Exercise objective –
Please give back each entry below unaltered, leaving the pictures out.

Information given –
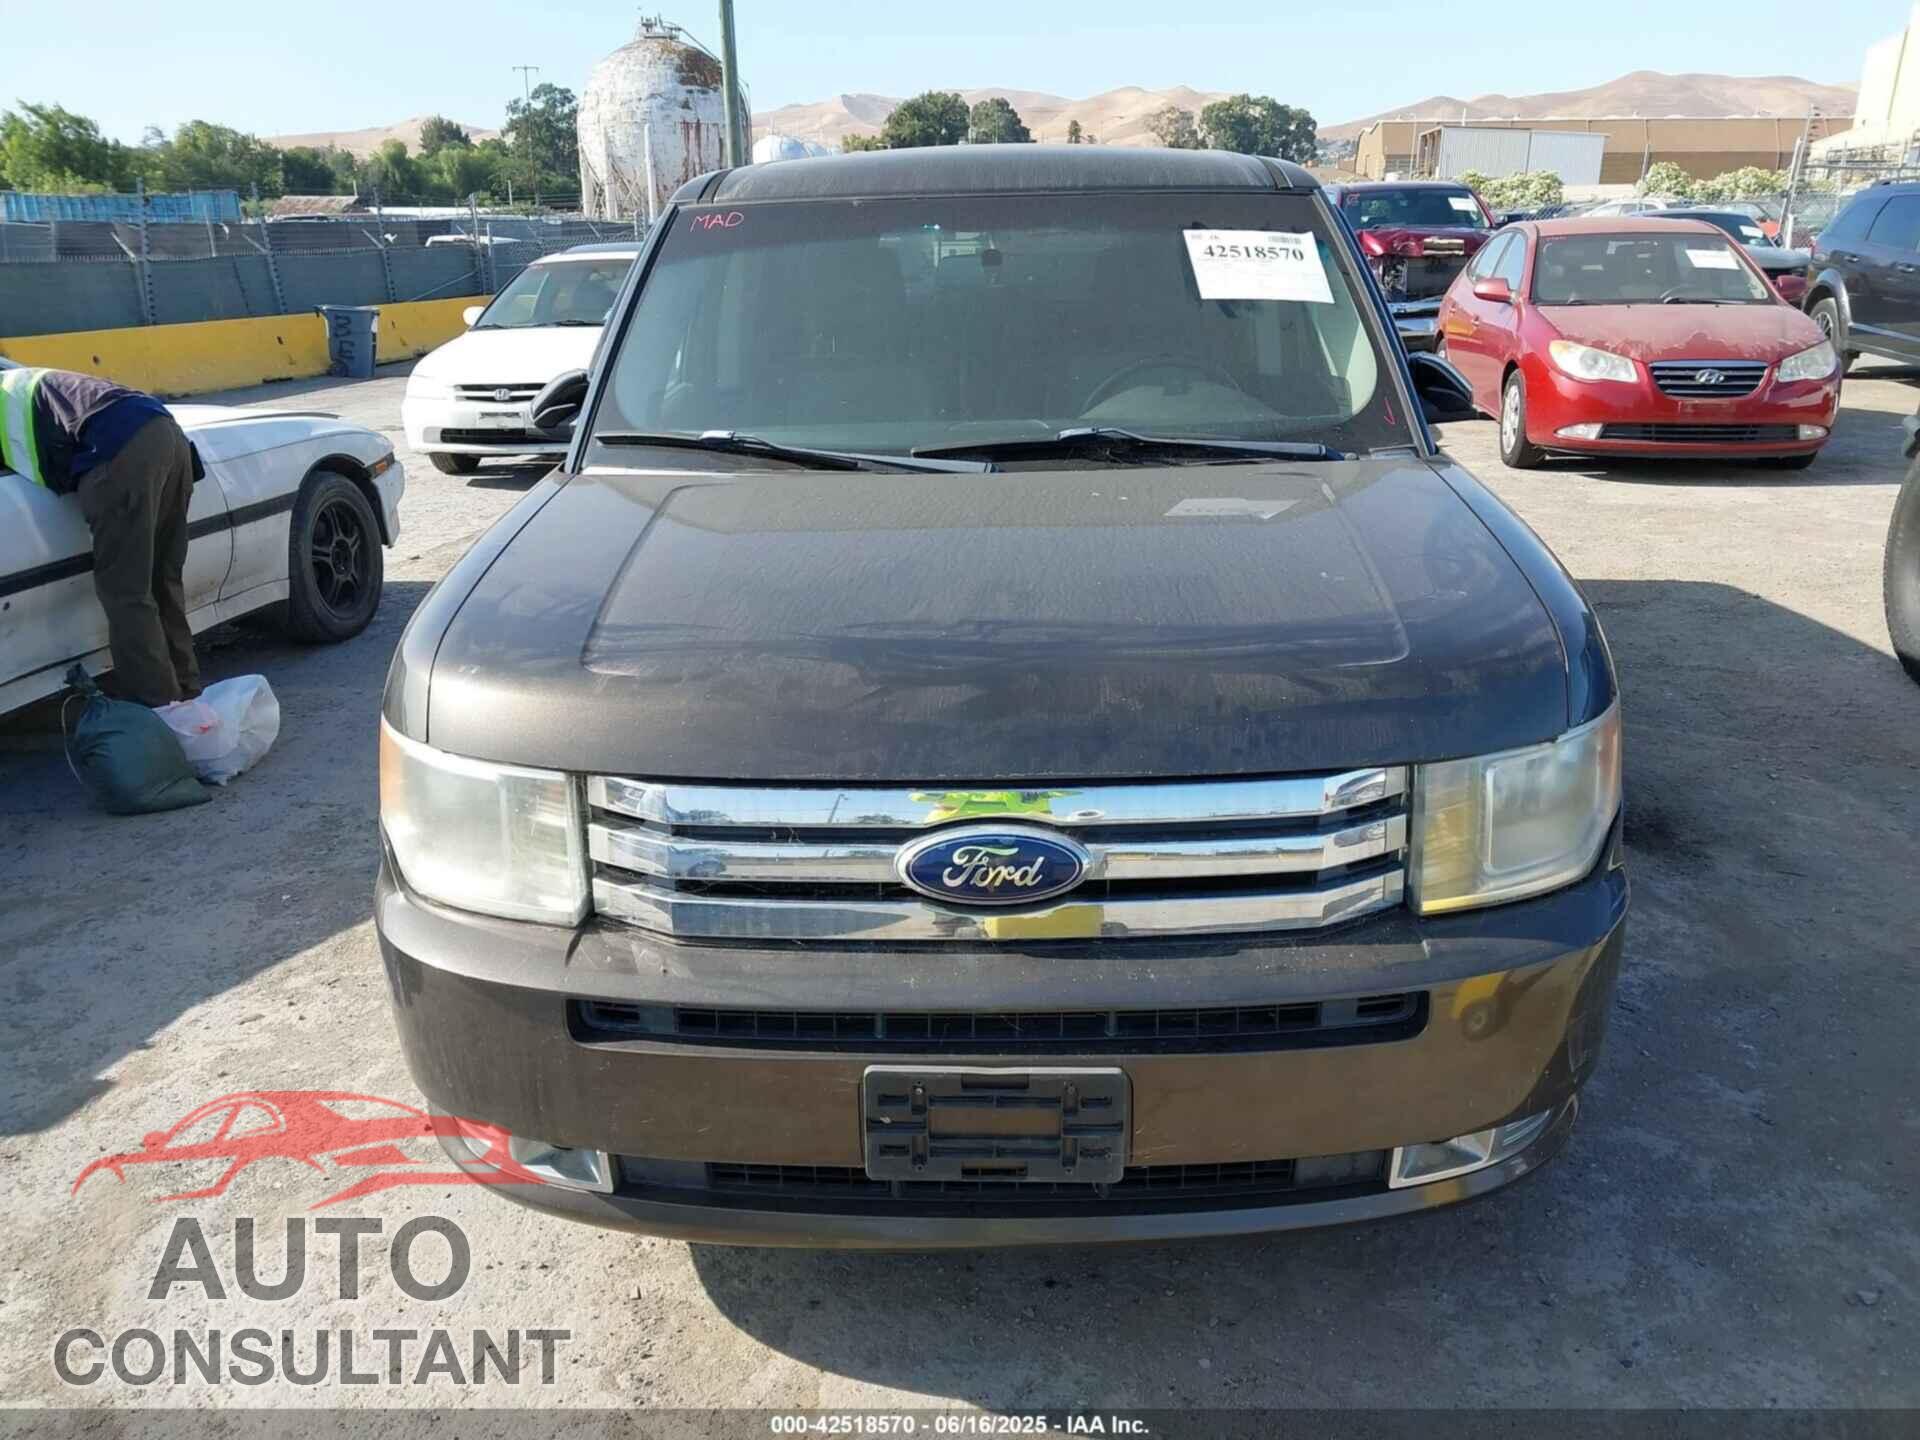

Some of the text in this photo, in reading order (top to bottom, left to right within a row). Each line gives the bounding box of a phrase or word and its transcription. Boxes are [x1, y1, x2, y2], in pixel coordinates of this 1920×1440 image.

[689, 211, 745, 233] MAD
[1203, 244, 1305, 262] 42518570
[942, 845, 1045, 888] Ford
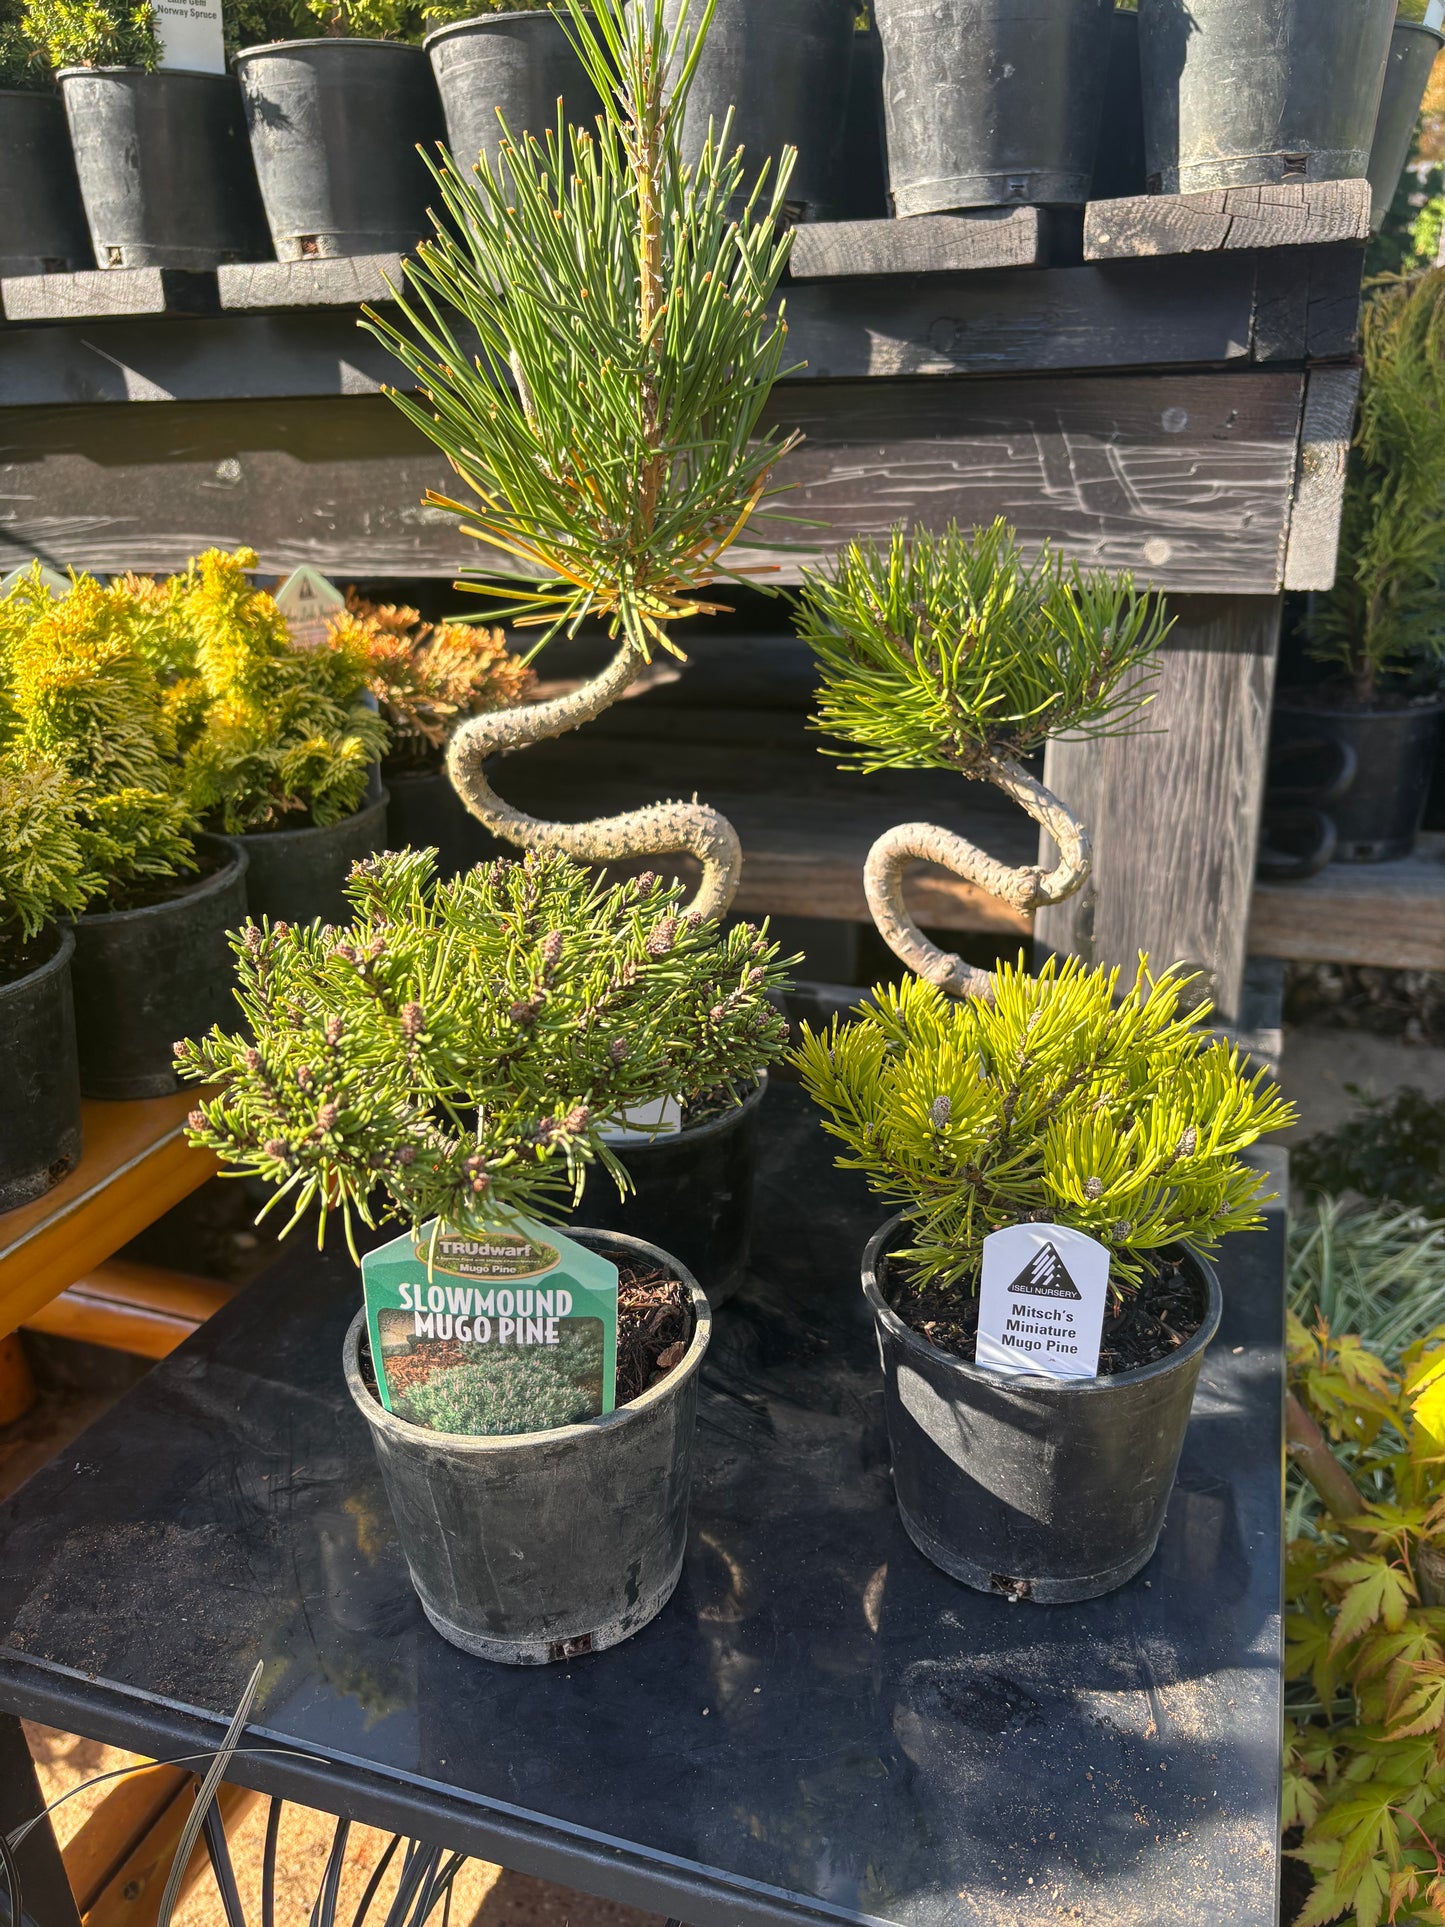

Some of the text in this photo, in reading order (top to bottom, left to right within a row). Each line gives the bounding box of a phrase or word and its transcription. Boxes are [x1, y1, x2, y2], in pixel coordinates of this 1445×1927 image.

Reply to the exercise –
Some of the text in this photo, in reading order (top to bottom, left to right within a row). Each line gives the bounding box of a phrase or word and its transcription. Boxes are [x1, y1, x2, y2], in pixel coordinates of this 1920×1440 image.

[689, 211, 745, 233] MAD
[1203, 244, 1305, 262] 42518570
[942, 845, 1045, 888] Ford

Some of the text in this photo, in reading order (top to bottom, left to right within a row). Each line gives the bounding box of a phrase or word and its transcription. Boxes are [x1, y1, x2, y2], in pixel coordinates of this 1445×1927 image.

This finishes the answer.